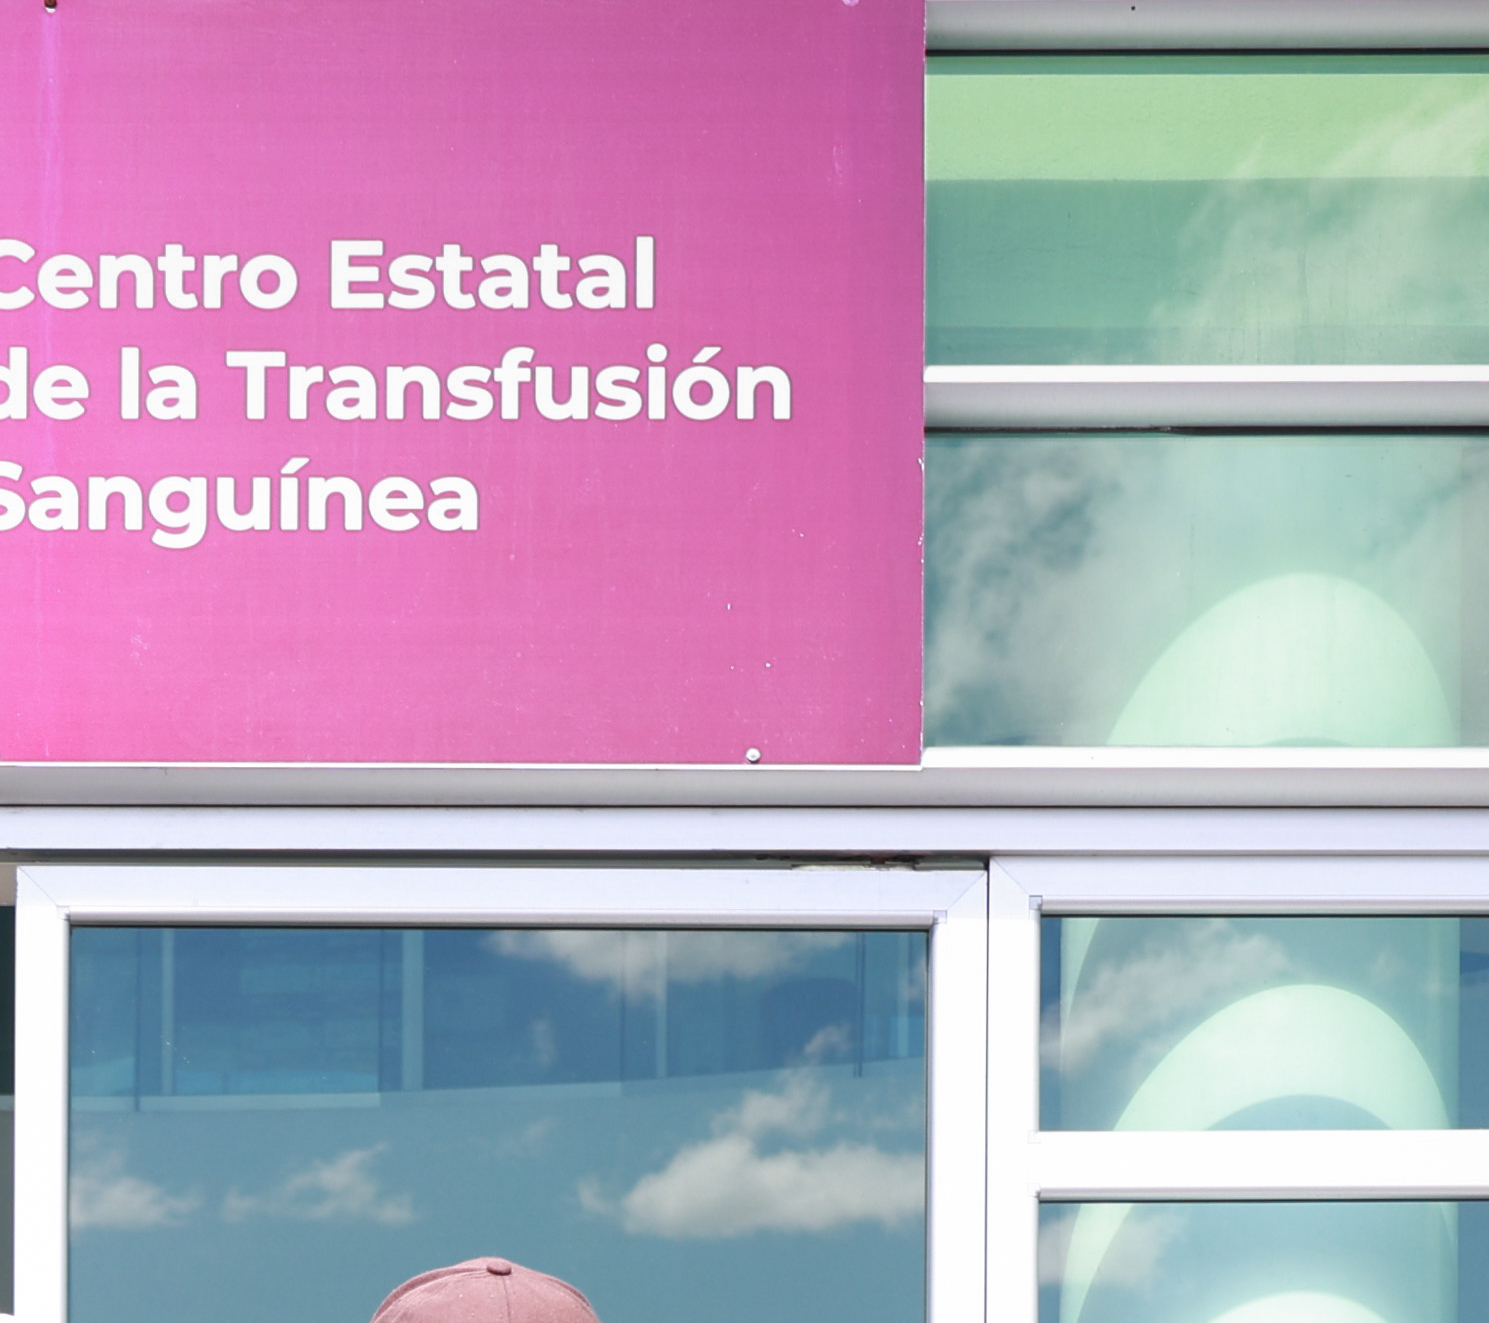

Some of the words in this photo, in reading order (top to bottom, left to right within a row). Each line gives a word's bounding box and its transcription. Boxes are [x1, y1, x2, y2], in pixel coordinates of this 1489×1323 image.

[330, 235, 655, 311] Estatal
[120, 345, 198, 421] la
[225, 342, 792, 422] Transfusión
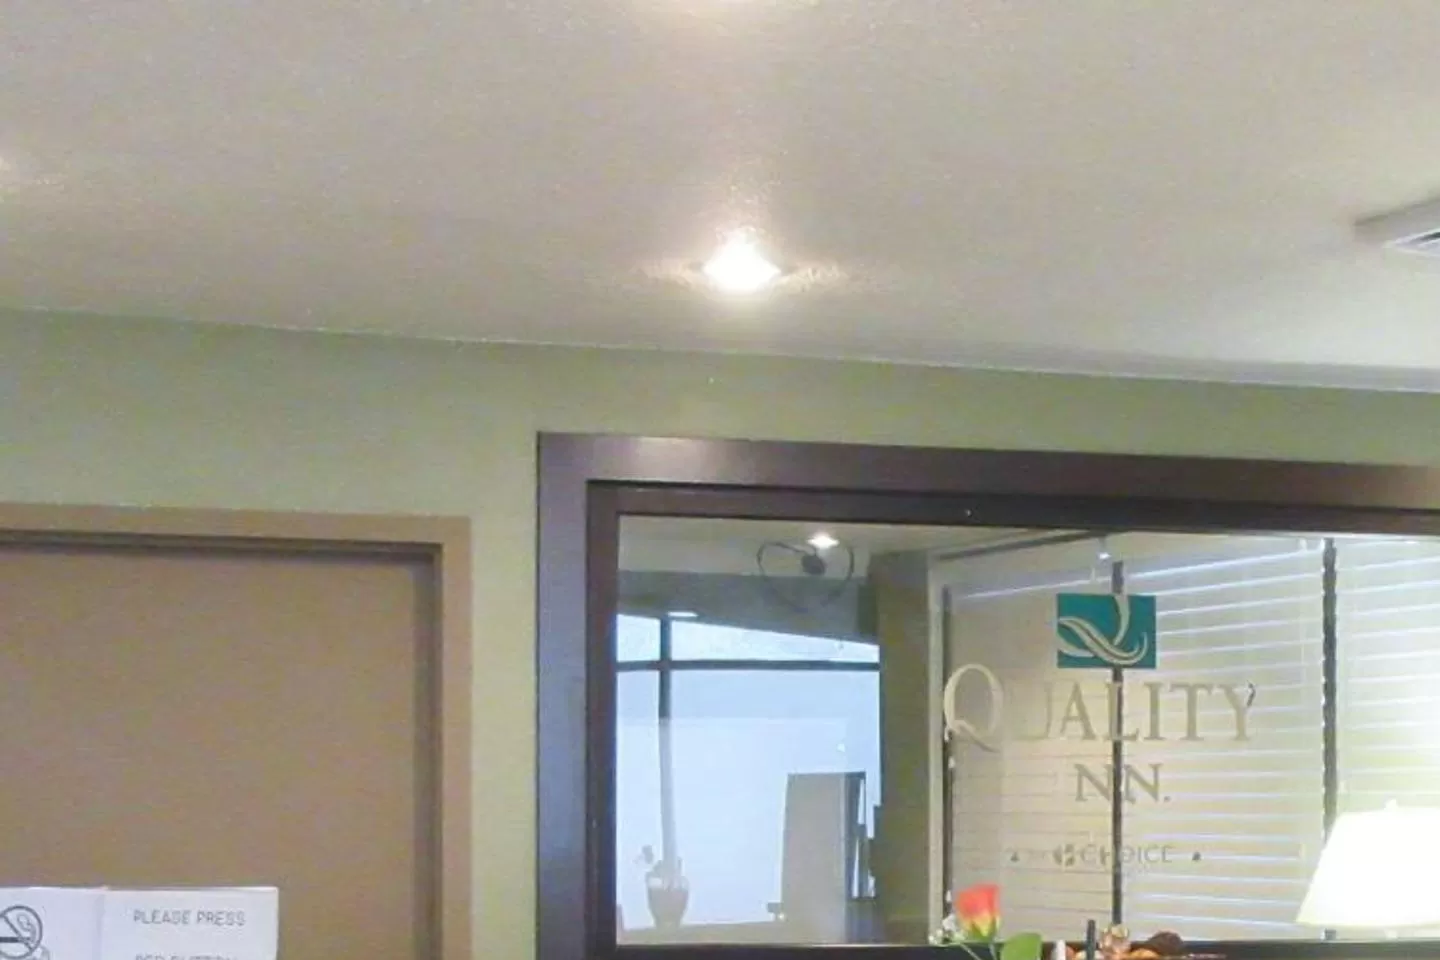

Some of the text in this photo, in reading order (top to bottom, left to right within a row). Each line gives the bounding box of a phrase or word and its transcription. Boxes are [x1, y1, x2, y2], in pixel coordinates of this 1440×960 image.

Activity
Please give back every line above exactly as it stands, without pictures.

Output of the exercise
Some of the words in this photo, in reading order (top to bottom, left to right within a row). Each line gives a word's bounding box and its transcription. Boxes are [x1, y1, x2, y2], in pixel coordinates of this 1489×1323 image.

[330, 235, 655, 311] Estatal
[120, 345, 198, 421] la
[225, 342, 792, 422] Transfusión

Some of the text in this photo, in reading order (top to bottom, left to right within a row). Each line gives the bounding box of a phrase or word and its transcription. Boxes are [x1, y1, x2, y2], in pixel coordinates of this 1440×960 image.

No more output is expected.